Try it: Would you transcribe exactly the lines from the one containing "this 1280×1707 image." to the last line of the data below, both ends included, but none of the pictures?

Source data:
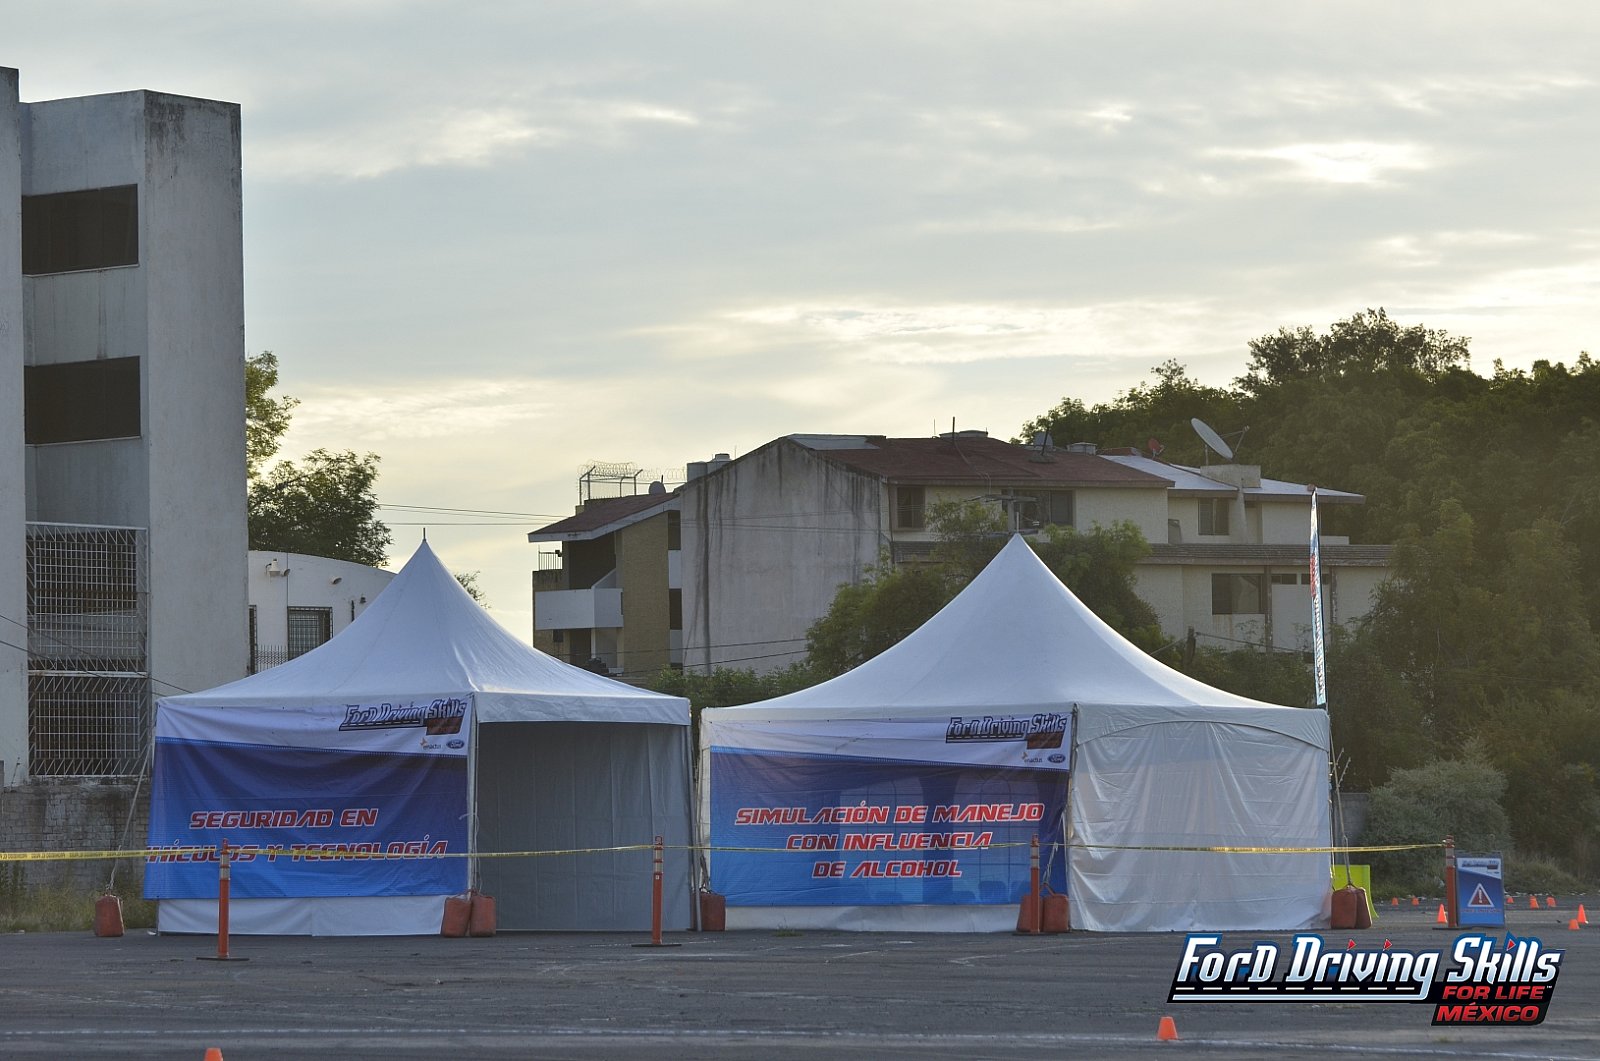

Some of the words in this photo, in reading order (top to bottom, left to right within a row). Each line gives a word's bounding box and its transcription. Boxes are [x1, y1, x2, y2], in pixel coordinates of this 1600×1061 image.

[380, 702, 428, 727] Driving
[428, 698, 467, 719] Skills
[980, 715, 1030, 740] Driving
[1030, 713, 1067, 733] Skills
[189, 809, 334, 829] SEGURIDAD
[340, 808, 378, 826] EN
[735, 800, 889, 825] SIMULACIÓN
[893, 804, 929, 824] DE
[933, 803, 1045, 822] MANEJO
[267, 845, 283, 862] Y
[291, 834, 448, 861] TECNOLOGÍA
[786, 834, 838, 850] CON
[842, 832, 993, 850] INFLUENCIA
[812, 861, 846, 878] DE
[850, 860, 963, 878] ALCOHOL
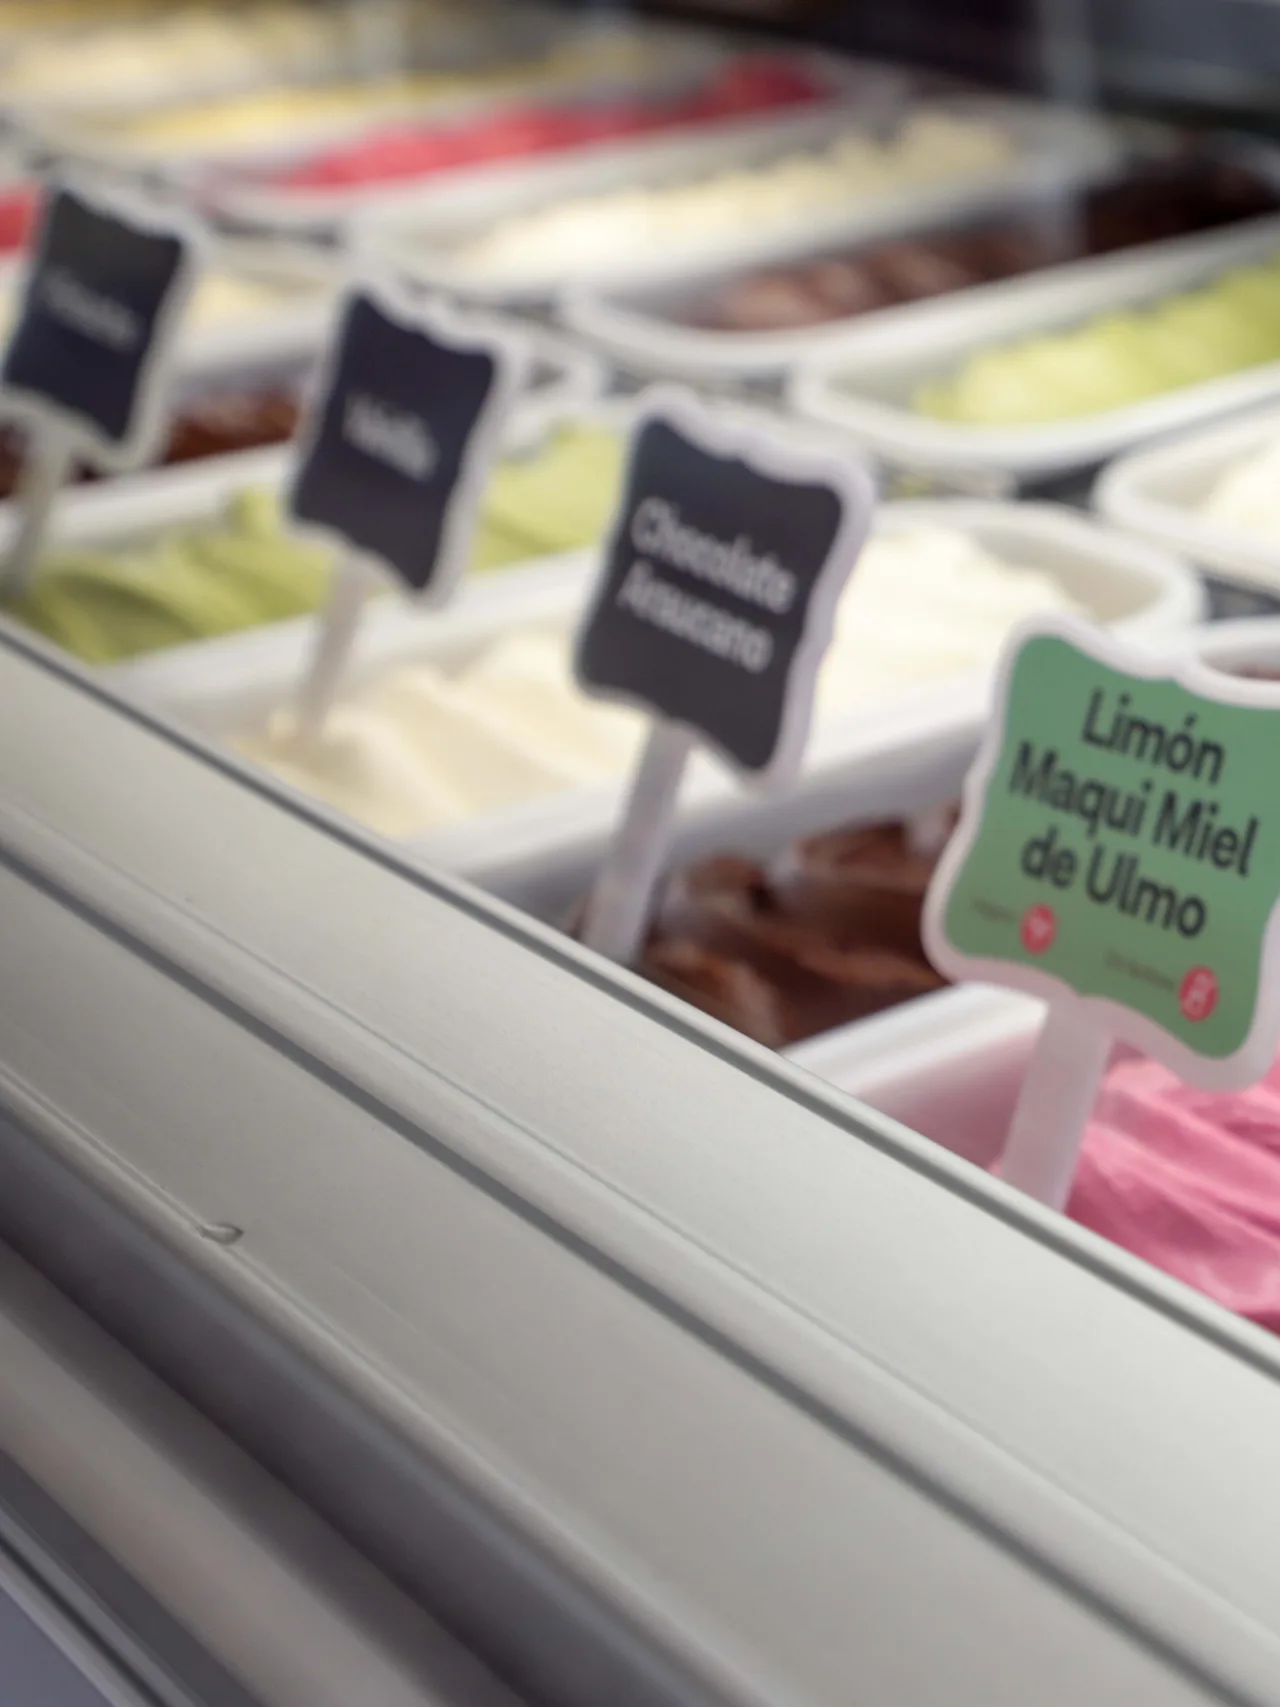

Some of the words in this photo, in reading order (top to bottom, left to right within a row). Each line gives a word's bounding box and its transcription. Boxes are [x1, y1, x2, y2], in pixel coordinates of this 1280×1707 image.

[631, 496, 797, 615] Chocolate
[1080, 687, 1226, 785] Limón
[1008, 740, 1153, 840] Maqui
[1151, 789, 1260, 878] Miel
[1020, 824, 1078, 891] de
[1084, 845, 1207, 939] Ulmo
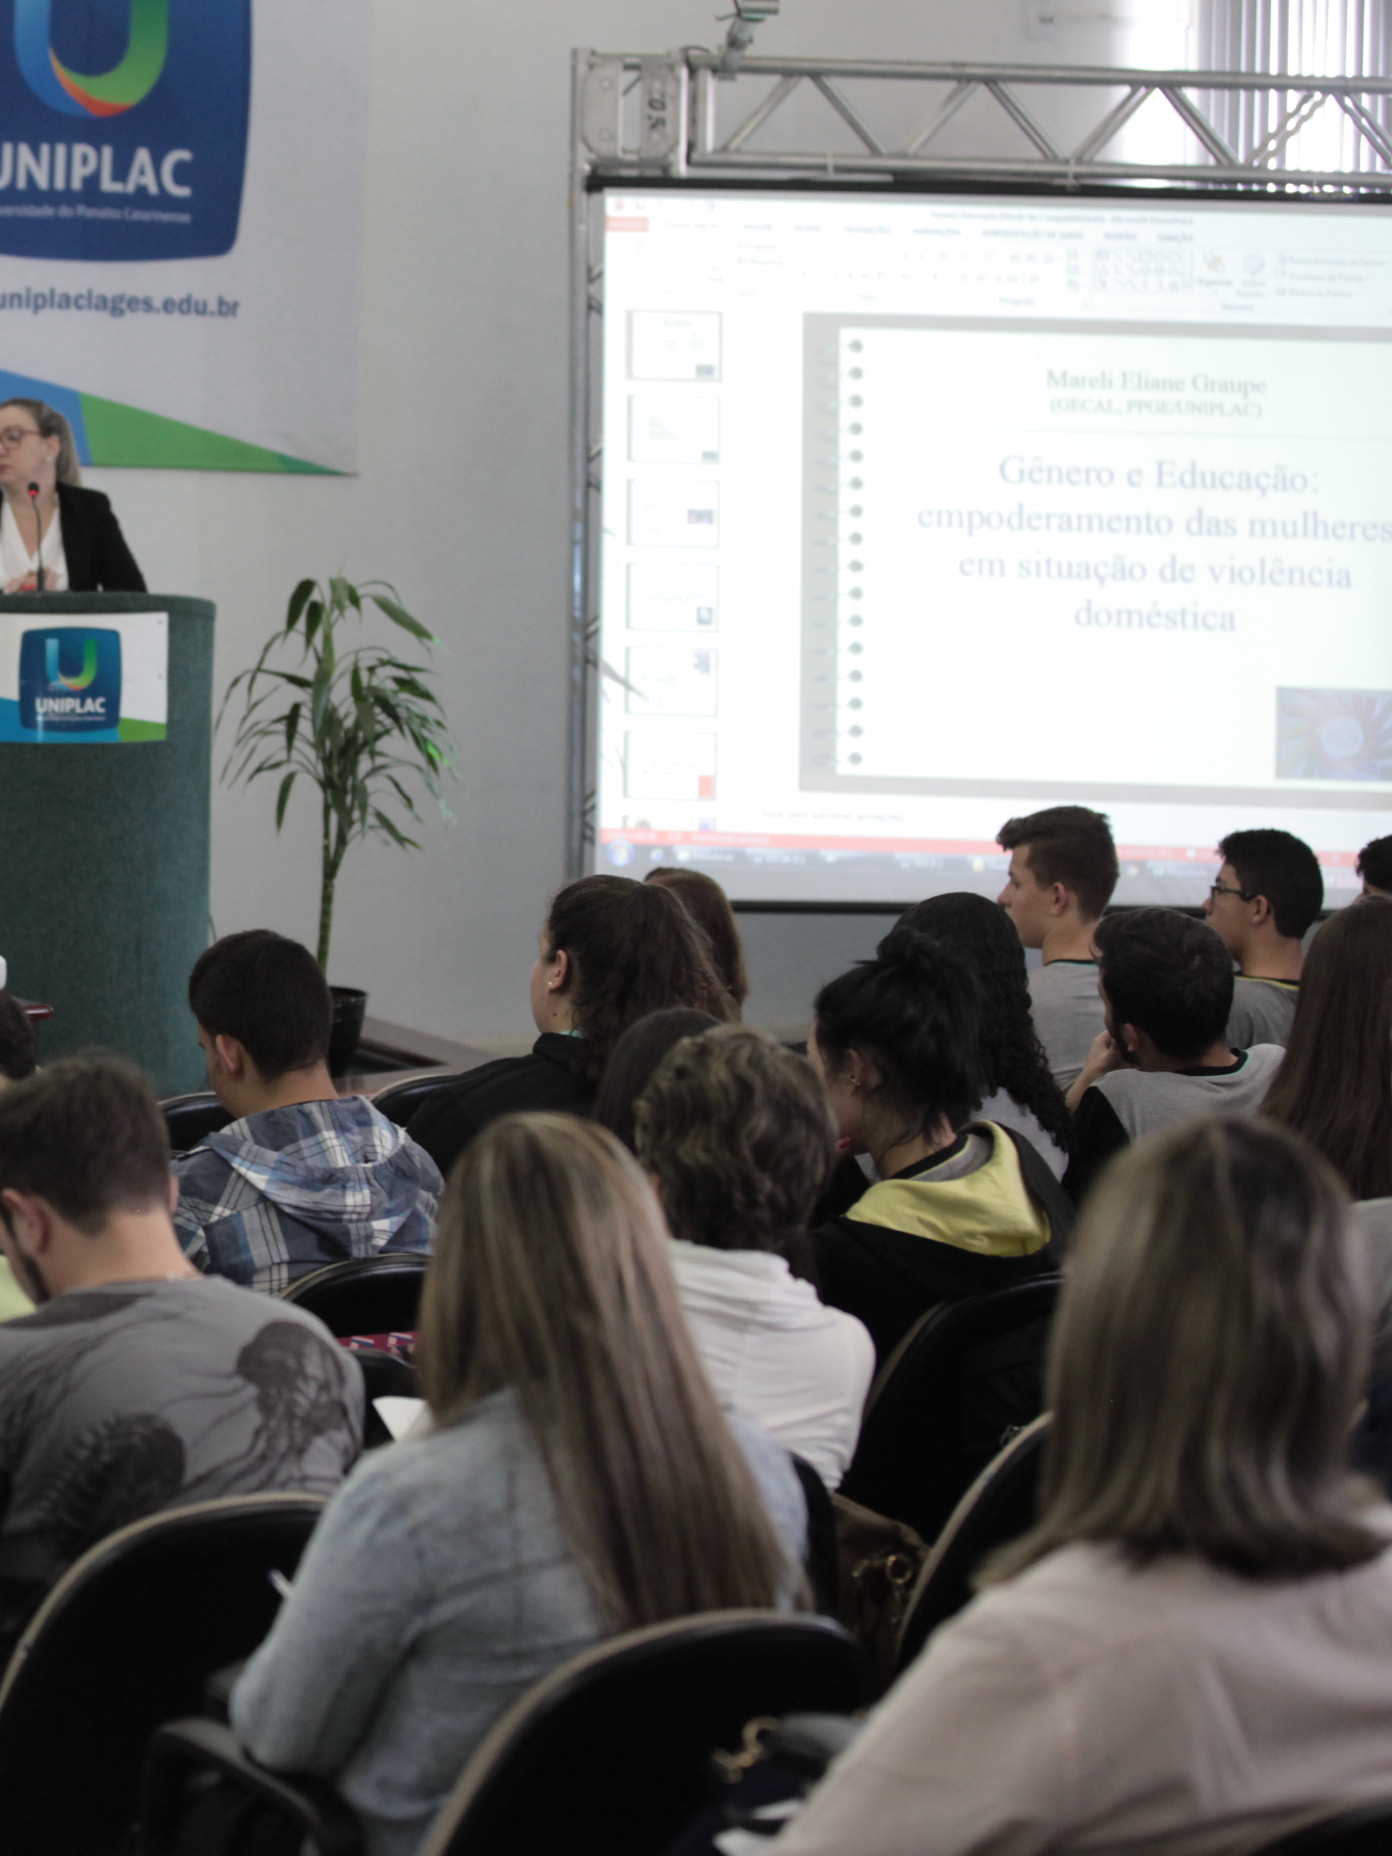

Answer:
Some of the words in this photo, in reading order (top to bottom, left to right within a row). Each line gives a word's bounding box and its transcription. Boxes are [x1, y1, x2, y2], in pixel coordinates of this 1280×1707 image.

[631, 496, 797, 615] Chocolate
[1080, 687, 1226, 785] Limón
[1008, 740, 1153, 840] Maqui
[1151, 789, 1260, 878] Miel
[1020, 824, 1078, 891] de
[1084, 845, 1207, 939] Ulmo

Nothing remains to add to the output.